▶ _Given data_

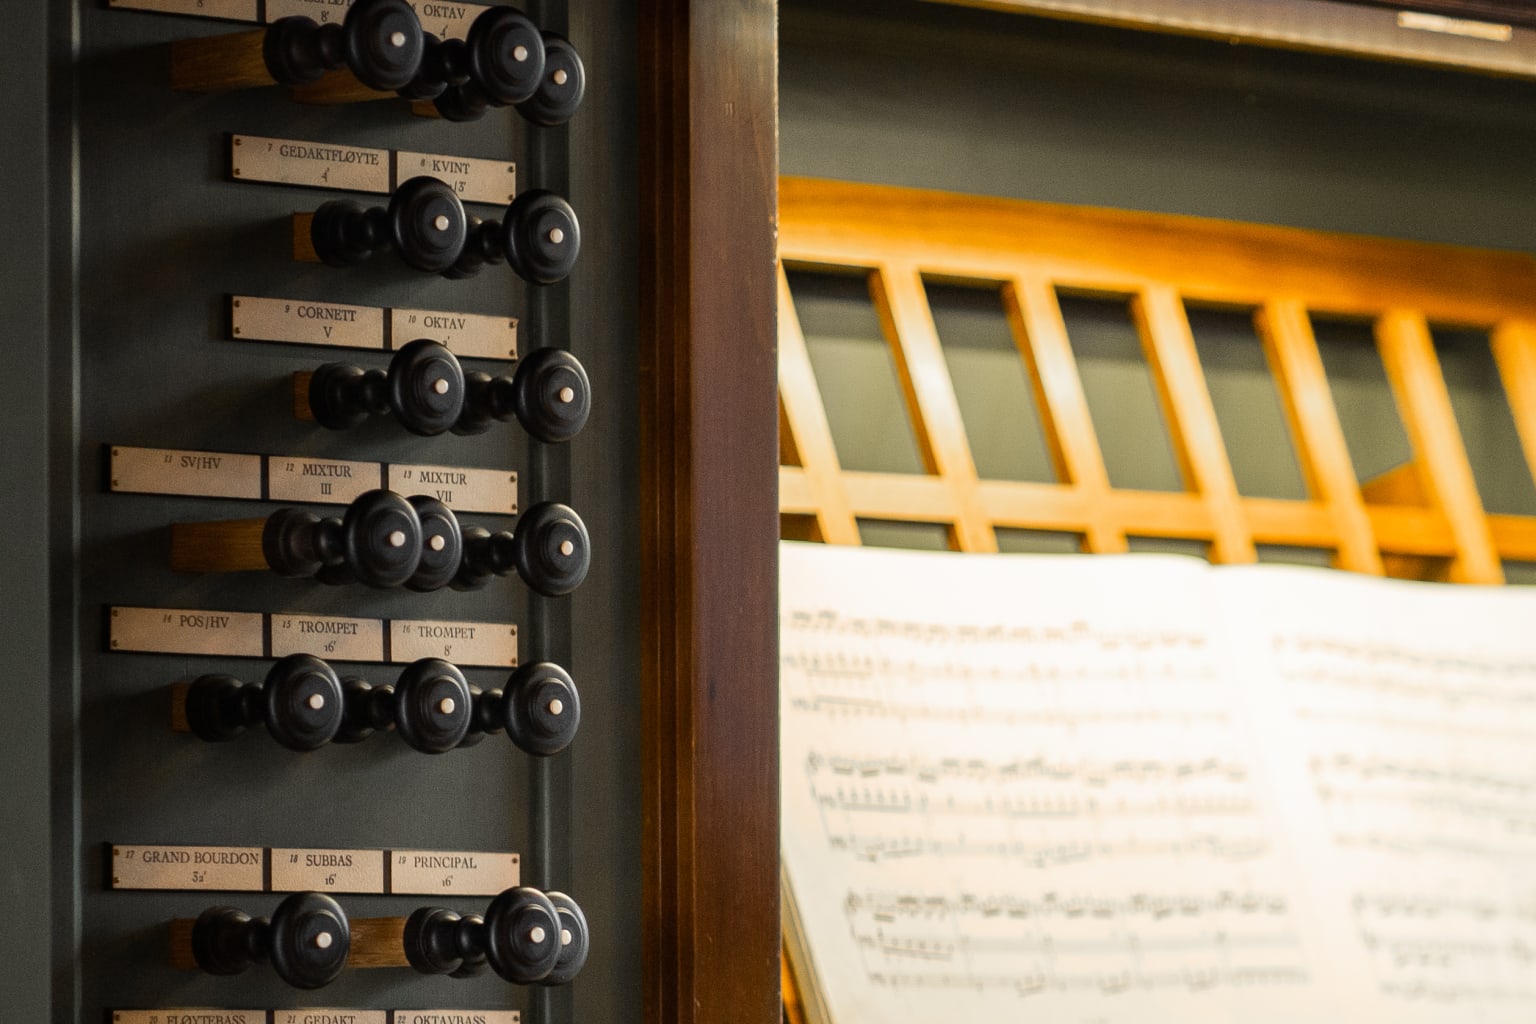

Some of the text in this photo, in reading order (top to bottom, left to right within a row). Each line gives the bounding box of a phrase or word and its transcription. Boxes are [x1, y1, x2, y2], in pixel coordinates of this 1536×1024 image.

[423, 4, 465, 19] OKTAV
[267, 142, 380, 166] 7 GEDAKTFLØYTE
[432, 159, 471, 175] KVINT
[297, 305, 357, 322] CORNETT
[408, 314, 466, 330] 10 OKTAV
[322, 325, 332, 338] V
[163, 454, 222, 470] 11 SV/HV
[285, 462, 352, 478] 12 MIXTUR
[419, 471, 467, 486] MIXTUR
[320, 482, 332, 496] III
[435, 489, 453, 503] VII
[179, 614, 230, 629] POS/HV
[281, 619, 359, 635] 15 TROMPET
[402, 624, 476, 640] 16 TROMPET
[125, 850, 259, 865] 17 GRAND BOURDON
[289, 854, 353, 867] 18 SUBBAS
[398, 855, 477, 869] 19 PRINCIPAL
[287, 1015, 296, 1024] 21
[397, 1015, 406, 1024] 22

▶ _Work item_
Using the material above, return every line exactly as it appears, minus the pictures.

▶ _Exercise output_
Some of the text in this photo, in reading order (top to bottom, left to right within a row). Each line gives the bounding box of a phrase or word and its transcription. Boxes are [x1, y1, x2, y2], in pixel coordinates of this 1536×1024 image.

[423, 4, 465, 19] OKTAV
[267, 142, 380, 166] 7 GEDAKTFLØYTE
[432, 159, 471, 175] KVINT
[297, 305, 357, 322] CORNETT
[408, 314, 466, 330] 10 OKTAV
[322, 325, 332, 338] V
[163, 454, 222, 470] 11 SV/HV
[285, 462, 352, 478] 12 MIXTUR
[419, 471, 467, 486] MIXTUR
[320, 482, 332, 496] III
[435, 489, 453, 503] VII
[179, 614, 230, 629] POS/HV
[281, 619, 359, 635] 15 TROMPET
[402, 624, 476, 640] 16 TROMPET
[125, 850, 259, 865] 17 GRAND BOURDON
[289, 854, 353, 867] 18 SUBBAS
[398, 855, 477, 869] 19 PRINCIPAL
[287, 1015, 296, 1024] 21
[397, 1015, 406, 1024] 22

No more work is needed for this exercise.